All of the entries should be restated word for word, but without their pictures.

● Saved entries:
···

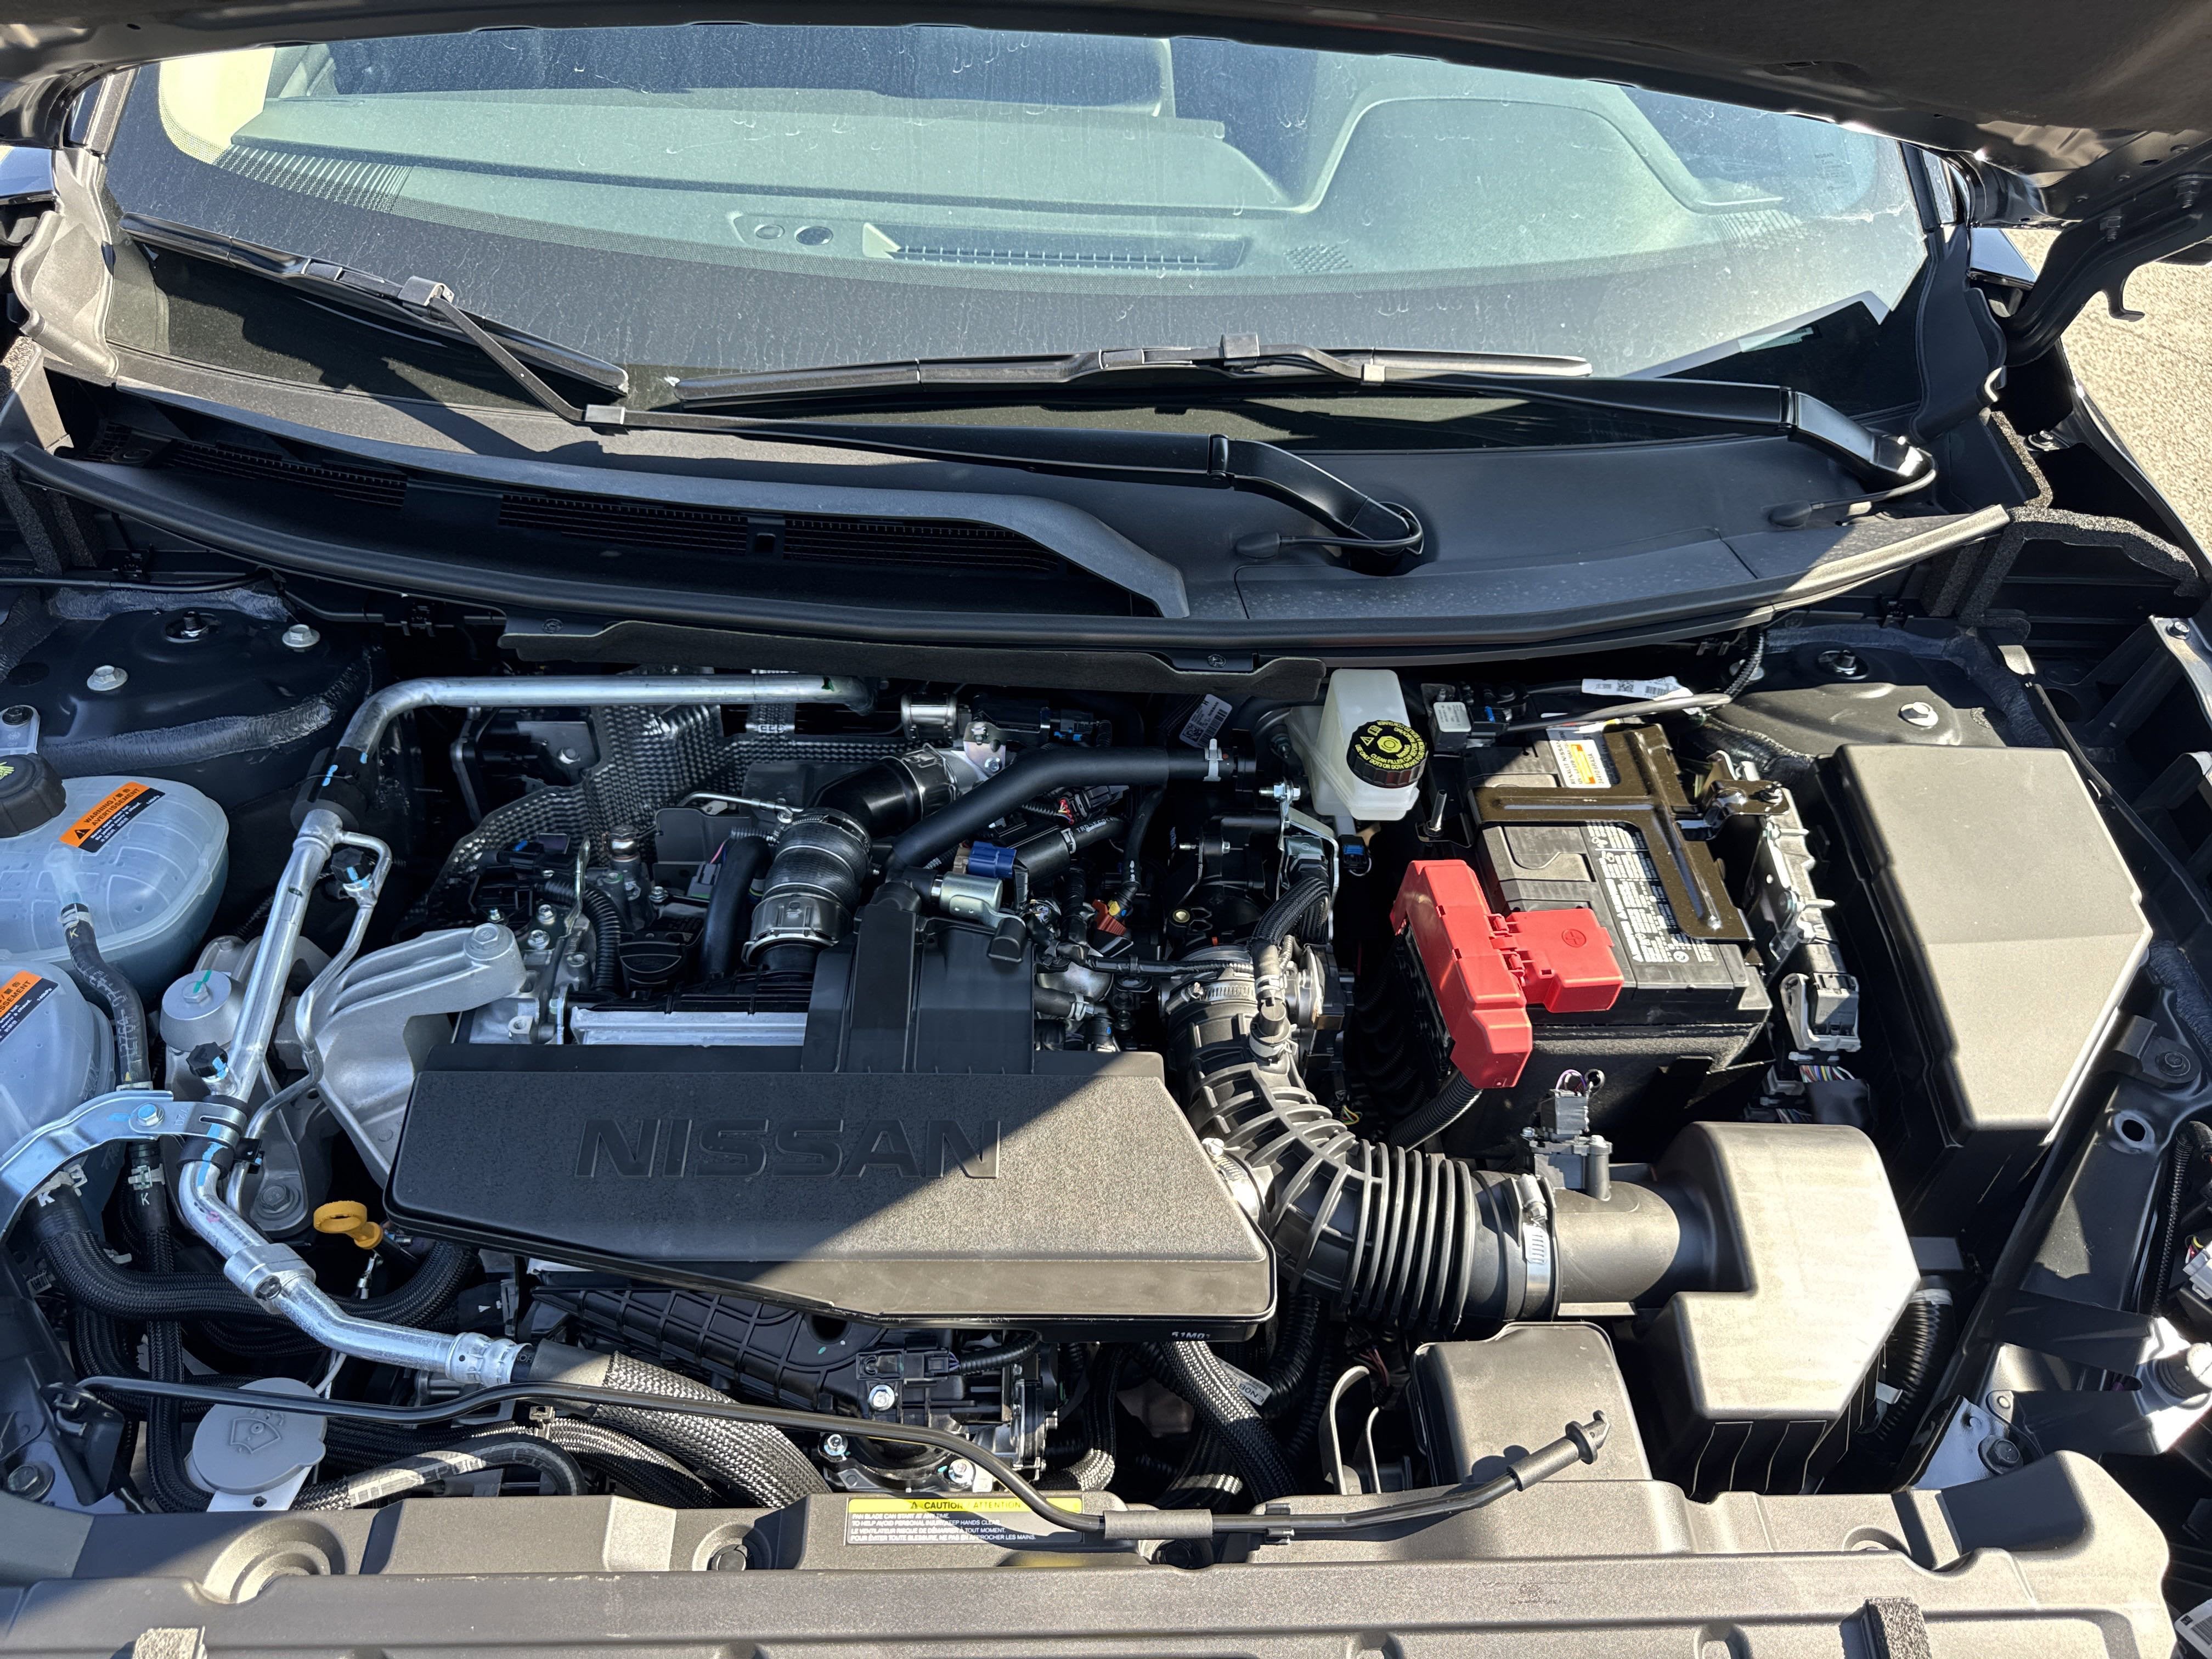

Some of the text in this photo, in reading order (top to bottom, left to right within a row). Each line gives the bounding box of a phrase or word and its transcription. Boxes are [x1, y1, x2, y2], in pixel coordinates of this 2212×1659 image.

[1370, 754, 1386, 763] CLEAN
[83, 800, 113, 824] WARNING
[92, 788, 140, 826] AVERTISSEMENT
[70, 928, 79, 939] K
[574, 1119, 1000, 1178] NISSAN
[37, 1190, 55, 1207] K
[141, 1193, 150, 1205] K

···

● Reply to the task:
Some of the text in this photo, in reading order (top to bottom, left to right within a row). Each line gives the bounding box of a phrase or word and its transcription. Boxes are [x1, y1, x2, y2], in pixel coordinates of this 2212×1659 image.

[1370, 754, 1386, 763] CLEAN
[83, 800, 113, 824] WARNING
[92, 788, 140, 826] AVERTISSEMENT
[70, 928, 79, 939] K
[574, 1119, 1000, 1178] NISSAN
[37, 1190, 55, 1207] K
[141, 1193, 150, 1205] K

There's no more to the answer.